Efforts to use AI to predict crime have been fraught with controversy due to the potential to replicate existing biases in policing. But a new system powered by machine learning holds the promise of not only making better predictions but also highlighting these biases.
If there’s one thing that modern machine learning is good at, it’s spotting patterns and making predictions. So, it’s perhaps unsurprising that many in the policy and law enforcement world are keen to put these skills to use. Proponents want to train AI models with historical crime records and other relevant data to predict when and where crimes are likely to happen and use the results to direct policing efforts.
The problem is that this kind of data often hides all kinds of biases that can be too easily replicated when used to train algorithms unthinkingly. Previous approaches have sometimes included spurious variables such as the presence of graffiti or demographic data, which can easily lead models to make flawed associations based on racial or socioeconomic criteria.
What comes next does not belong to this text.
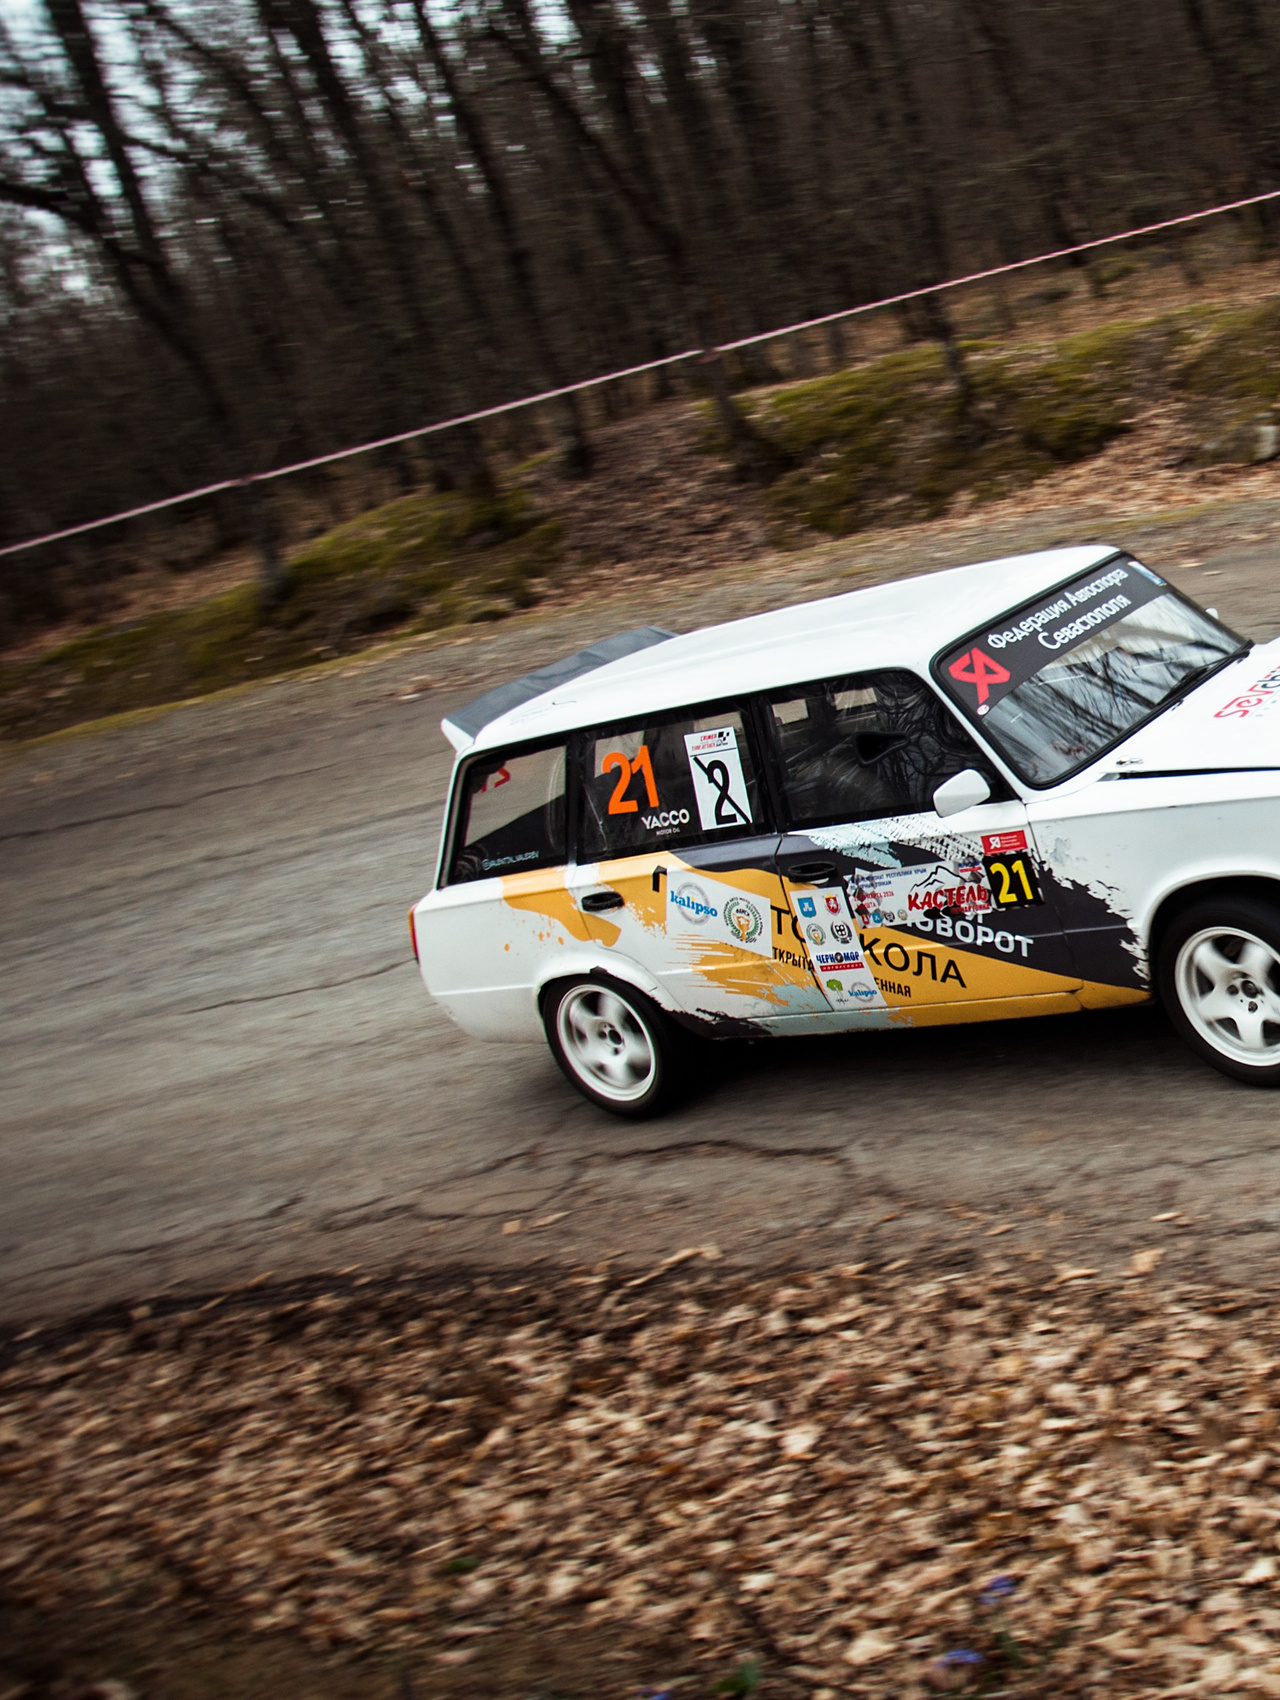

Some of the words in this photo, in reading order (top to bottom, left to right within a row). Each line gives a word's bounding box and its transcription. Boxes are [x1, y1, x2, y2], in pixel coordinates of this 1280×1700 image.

Even basic police data on reported crimes or numbers of arrests can contain hidden biases. Heavy policing of certain areas assumed to be high in crime due to pre-existing prejudices will almost inevitably lead to more arrests. And in areas with high distrust of police, crimes can often go unreported.
Nonetheless, being able to anticipate trends in criminal activity ahead of time could benefit society. So, a group from the University of Chicago has developed a new machine learning system that can predict when and where crimes are likely to happen better than previous systems and also be used to probe systemic biases in policing.
The researchers first collated several years’ worth of data from Chicago police on violent and property crimes, as well as the number of arrests resulting from each incident. They used this data to train a suite of AI models that show how changes in each of these variables impacts the others.
This allowed the team to predict crime levels in 1,000-foot-wide areas of the city up to a week in advance with 90 percent accuracy, as reported in a recent paper in Nature Human Behaviour. The researchers also showed their approach achieved similar accuracy when trained on data from seven other US cities. And when they tested it on a dataset from a predictive policing challenge run by the National Institute of Justice, they outperformed the best approach in 119 of 120 testing categories.
The researchers put their success down to abandoning approaches that impose spatial constraints on the model by assuming crime appears in hotspots before spreading to surrounding areas. Instead, their model was able to capture more complex connections that could be mediated by transport links, communication networks, or demographic similarities between different regions of the city.
However, in recognition that the data used for the study was likely to have been tainted by existing biases in policing practices, the researchers also investigated how their model could be used to uncover how such prejudices could be distorting the way law enforcement deploys its resources.
When the team artificially boosted the levels of both violent and property crime in wealthier neighborhoods, the arrests jumped, as those in poorer areas dropped. In contrast, when crime levels were boosted in poor areas, there was no rise in arrests. The implication, say the researchers, is that wealthier neighborhoods are prioritized by police and can draw resources away from poorer ones.
To validate their findings, the researchers also analyzed the raw police data, using the seasonal increase in crime during the summer months to investigate the effect of elevated crime rates in different areas. The results mirrored the trends identified by their model.
Despite its accuracy, study leader Ishanu Chattopadhyay said in a press release that the tool should not be used to directly determine the allocation of police resources, but instead as a tool to investigate better policing strategies. He describes the system as a “digital twin of urban environments” that can help police understand the effects of varying crime or enforcement levels across different parts of the city.
Whether the research can help direct the field of predictive policing in a more conscientious and responsible direction remains to be seen, but any effort to balance the technology’s public safety potential against its sizable risks is a step in the right direction.